“Nele & Paul” habe ich heute morgen schweren Herzens verabschiedet. Das Ende ging mir sehr nahe. Birbæks Romane wirken auf den ersten Blick wie leichte Unterhaltungslektüre, sind das zum Teil auch. Aber es steckt jedes Mal mehr Tiefe drin, als man anfangs ahnt. Diese Mischung aus Unterhaltung und Tiefgang macht seine Bücher zu etwas Besonderem.
Weiter geht es jetzt wieder im phantastischen Bereich mit “Sherlock Holmes und das Uhrwerk des Todes” von Christian Endres. Sherlock Holmes sei keine Phantastik sondern im kriminellen Genre einzuordnen? Von wegen. Watson hat sich erst später dazu entschließen können, auch die etwas anderen Fälle festzuhalten, die er mit seinem Freund Sherlock Holmes erlebt hat. Lange Zeit wollte er gar nicht an die Existenz von Magie und Wesen aus dem Reich der Mythen glauben. Doch er musste sich eines besseren belehren lassen. In dieser Kurzgeschichtensammlung finden sich allerhand Erzählungen über ihre Begegnungen mit unglaublichen Wesen und auch anderen Welten.

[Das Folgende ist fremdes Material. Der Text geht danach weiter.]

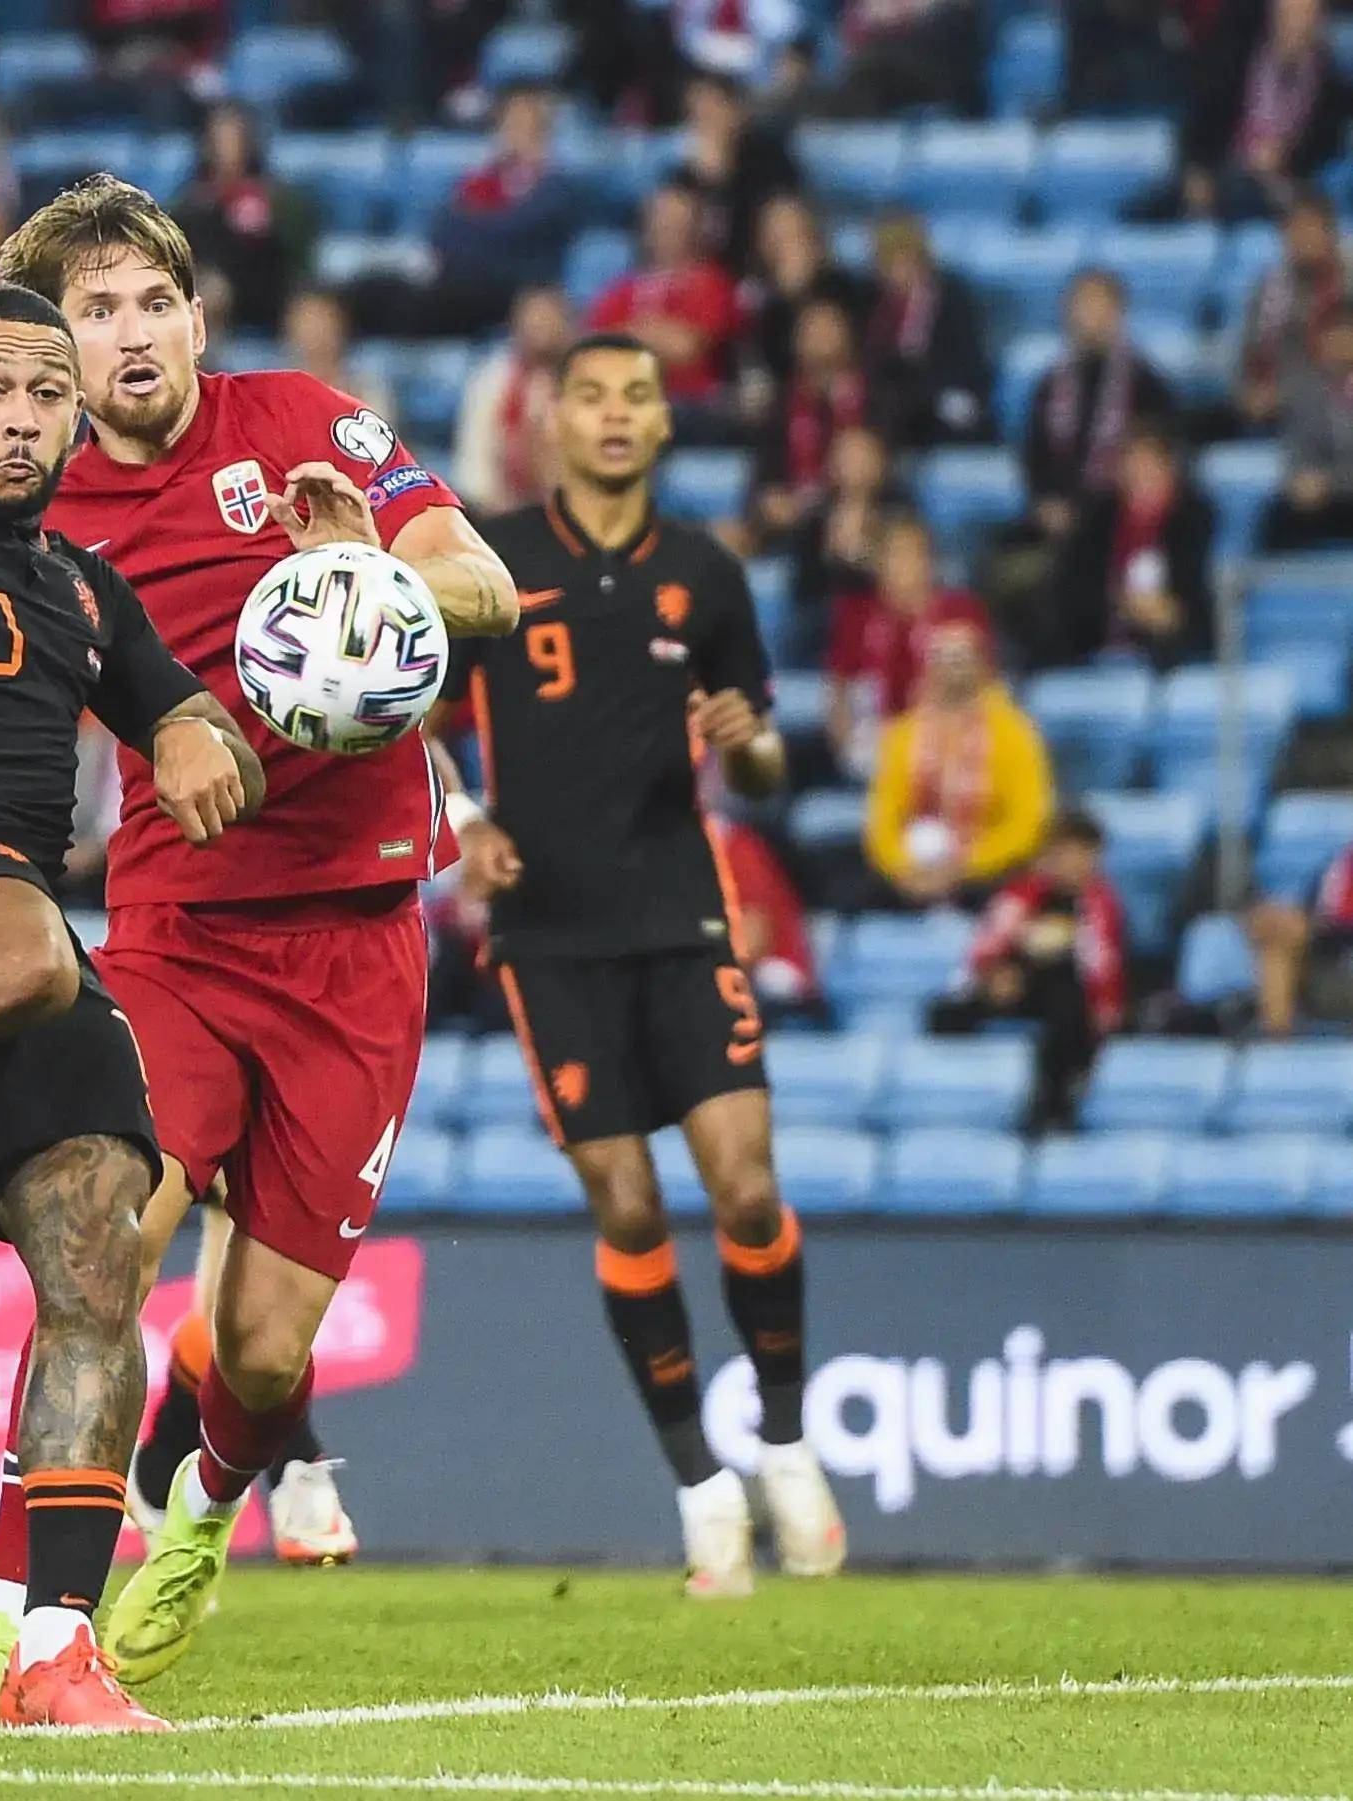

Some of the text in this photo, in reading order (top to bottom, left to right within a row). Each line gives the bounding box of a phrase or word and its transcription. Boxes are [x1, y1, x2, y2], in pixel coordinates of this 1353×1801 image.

[526, 622, 576, 701] 9
[358, 1115, 396, 1200] 4
[700, 1325, 1318, 1512] equinor
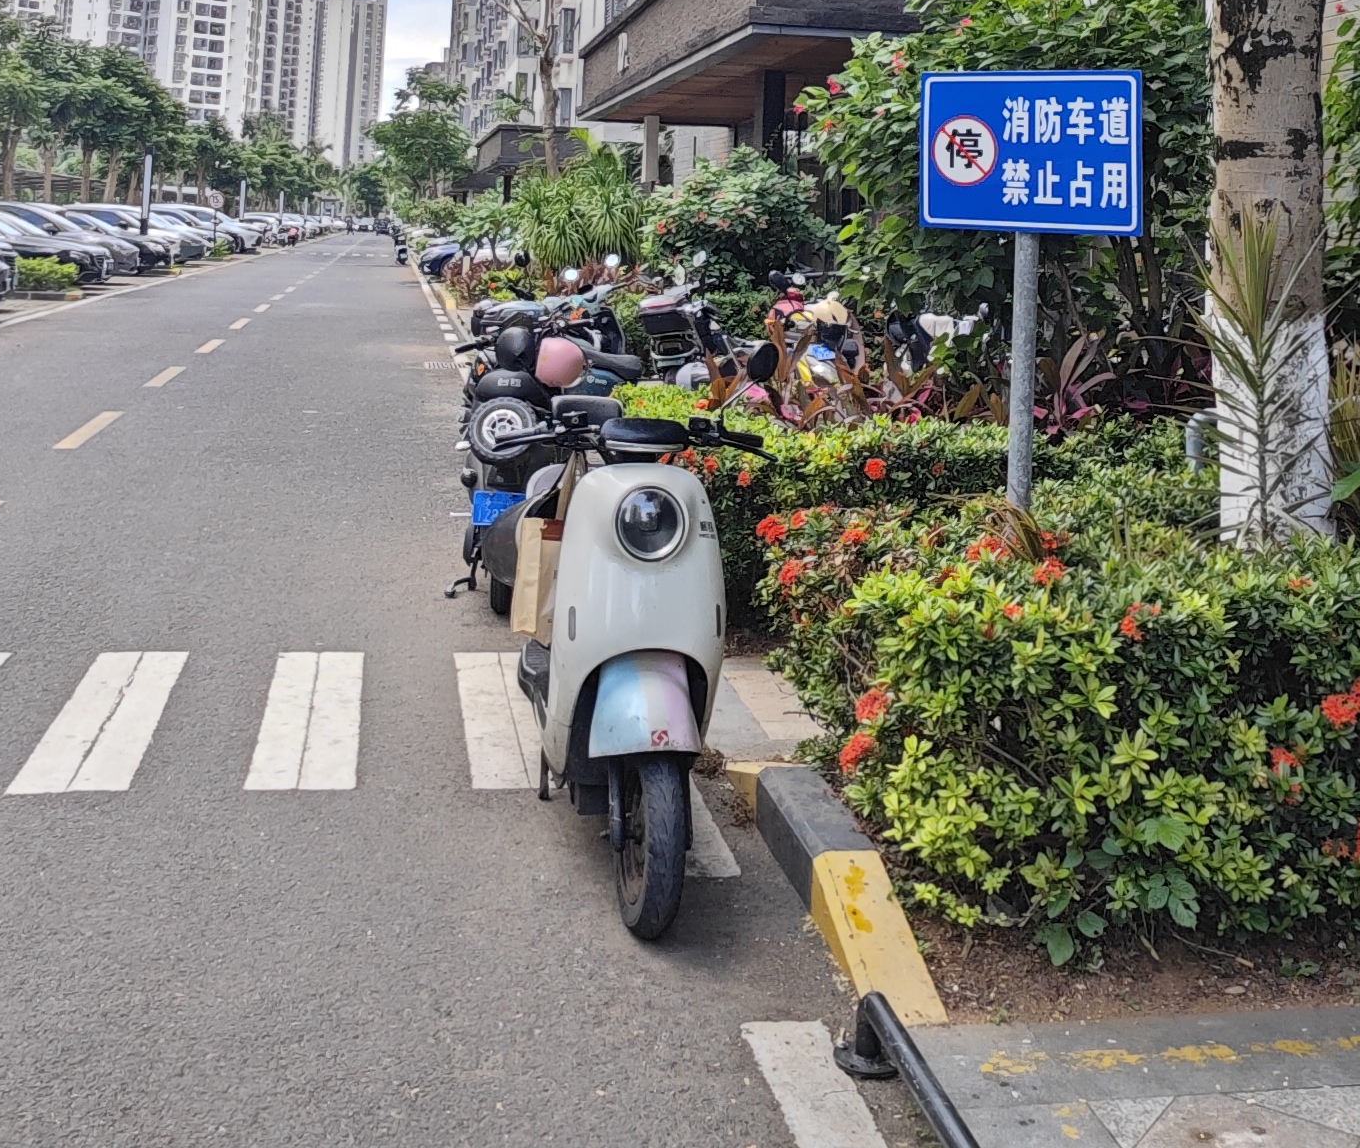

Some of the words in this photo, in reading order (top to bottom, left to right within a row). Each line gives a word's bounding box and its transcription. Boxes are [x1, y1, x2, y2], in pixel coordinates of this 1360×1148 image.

Oder kanntet ihr schon die Geschichte, wie Holmes in Oz einen Anschlag auf den Blechmann aufklärt?
Die ersten drei Kurzgeschichten habe ich schon gelesen und bin begeistert. Christian Endres schickt den Leser mit seinem Schreibstil ohne Umschweife ins viktorianische England. Kaum angekommen, schon rätselt man mit Holmes und Watson über das Verschwinden von Waisenkindern, fliegt mit ihnen nach Oz und begegnet so einigen Figuren, die man aus anderen Geschichten kennt. Eine gelungene Mischung aus dem klassischen Sherlock Holmes und allerhand Mythen auf einer phantastischen Bühne.